Although we spend the bulk of our time on the water rather than in it, polluted water can still be danger. We never know when we will experience a man-overboard situation, or have to go into the water to clear a weed-hatch or a fouled prop. Handling wet ropes and forgetting to wash our hands before eating is one of the primary sources of stomach upsets. Debris is especially dangerous for those using canals, where anything from wooden pallets, road cones, plastic bottles and bags can be found floating along our waterways. My young son once located a discarded motor-bike in the canal, with his sea-searcher magnet, which he then persuaded us to haul out of the water. I've also been towed for miles by a friend's boat, while my husband spent hours cutting barbed wire from the prop, a few inches at a time.

Even the RNLI has to consider the effects of water contamination. It does not affect the types of rescue, but they must nevertheless be aware of the dangers, wearing the right kit such as drysuits and heavy duty boots, which they must decontaminate afterwards and ensure they have the appropriate injections to protect them from water-borne infections. The lifeboats too are just as susceptible as other boats to blockages from rubbish.

What Responsibility Does The Boating Community Have?

We have a responsibility, as boaters, to respect the environment which we are so privileged to enjoy. We should not expect others to clean up their mess unless we take a lead. Most countries have legislation to prevent and punish pollution incidents, although these are difficult to enforce. Many sailing and boating organisations have set down guidelines for managing the environment. But as individual boaters it is important that we know how to behave when we are out on the water.

Since 2006 the Recreational Craft Directive (RCD) has required all new vessels to have provision for a holding tank to be fitted, resulting in the fact that black water (raw sewage) discharges are likely to become less common. Grey water (waste from sinks and showers) however discharges directly into the water. The regulations, applying to ships of 400 gross tonnage engaged in international journeys or ships that carry more than 15 persons, do not apply to smaller pleasure vessels, but best practice would be to return all waste, generated on board, to waste facilities on shore where possible. Be aware that in many countries the direct overboard discharge of sewage is illegal. Holding tanks should only be emptied at a pump out station or more than 3 miles offshore where the waste will be quickly diluted and dispersed by waves and currents. Vessels without holding tanks should avoid the use of toilets in poor tidal flushing areas, such as estuaries, inland waterways and busy anchorages.

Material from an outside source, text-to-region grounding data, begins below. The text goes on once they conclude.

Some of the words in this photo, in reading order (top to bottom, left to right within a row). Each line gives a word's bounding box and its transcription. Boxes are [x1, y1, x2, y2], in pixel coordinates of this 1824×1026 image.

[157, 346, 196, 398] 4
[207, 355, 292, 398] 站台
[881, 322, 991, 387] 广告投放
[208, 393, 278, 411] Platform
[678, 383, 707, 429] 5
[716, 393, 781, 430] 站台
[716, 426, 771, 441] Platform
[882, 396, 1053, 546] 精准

Other useful guidelines are:-

  • Use marina and shore facilities wherever possible.
  • Use environmental friendly toilet cleaners on board.
  • Use recycled toilet paper which breaks down more quickly than ordinary paper.
  • Use your holding tank and find out where to empty it from a Pump Out Directory.
  • If using chemical toilets, plan ahead where you empty them. Never empty them over a drain, always into an appropriate sewage system.
  • Never throw rubbish over the side – always take it home with you or deposit it in bins ashore.
  • Take care when refuelling, as spillages can pollute the surrounding water and ground.

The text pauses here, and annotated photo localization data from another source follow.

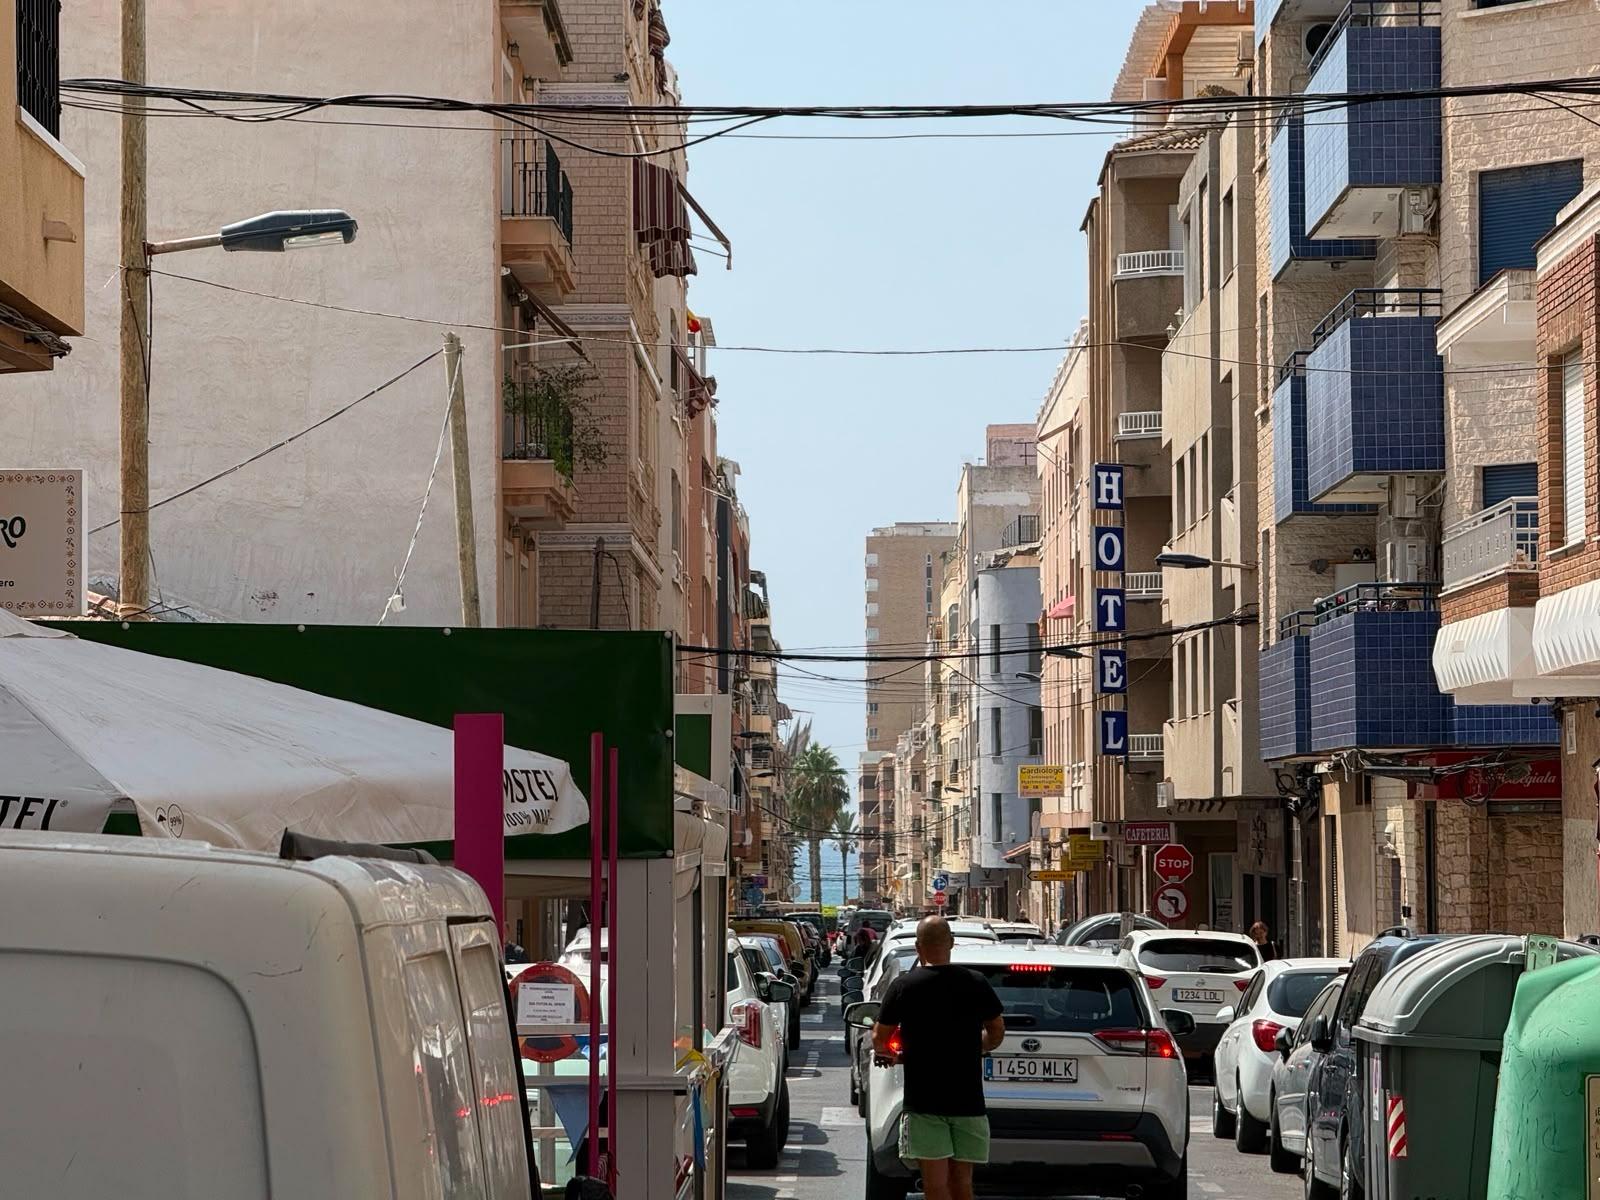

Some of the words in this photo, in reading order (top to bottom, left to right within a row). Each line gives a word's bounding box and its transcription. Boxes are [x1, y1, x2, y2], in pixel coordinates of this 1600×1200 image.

[1097, 471, 1124, 750] HOTEL
[1126, 828, 1170, 841] CAFETERIA
[1158, 858, 1190, 869] STOP
[1180, 991, 1200, 1000] 1234
[997, 1060, 1038, 1076] 1450
[1042, 1061, 1074, 1077] MLK

One of the most useful environment programmes set up in recent years is the Green Blue, created in 2005 by the British Marine Federation and the RYA for all those who take part in leisure boating or whose business depend on it. They offer advice, help, guidance and money saving tips to those who wish to protect our coasts and inland waters and have excellent guidelines about all environmental issues connected with boating; what environmentally friendly products to buy, where to pump out and what is best code of practice.

We have come a long way in the last few years but one only has to look at certain inner city canals, riverbanks at popular tourist destinations and dirty harbours, to realise that there is room for a great deal more improvement. It is up to us to set an example and show future generations how to care for our beautiful environment.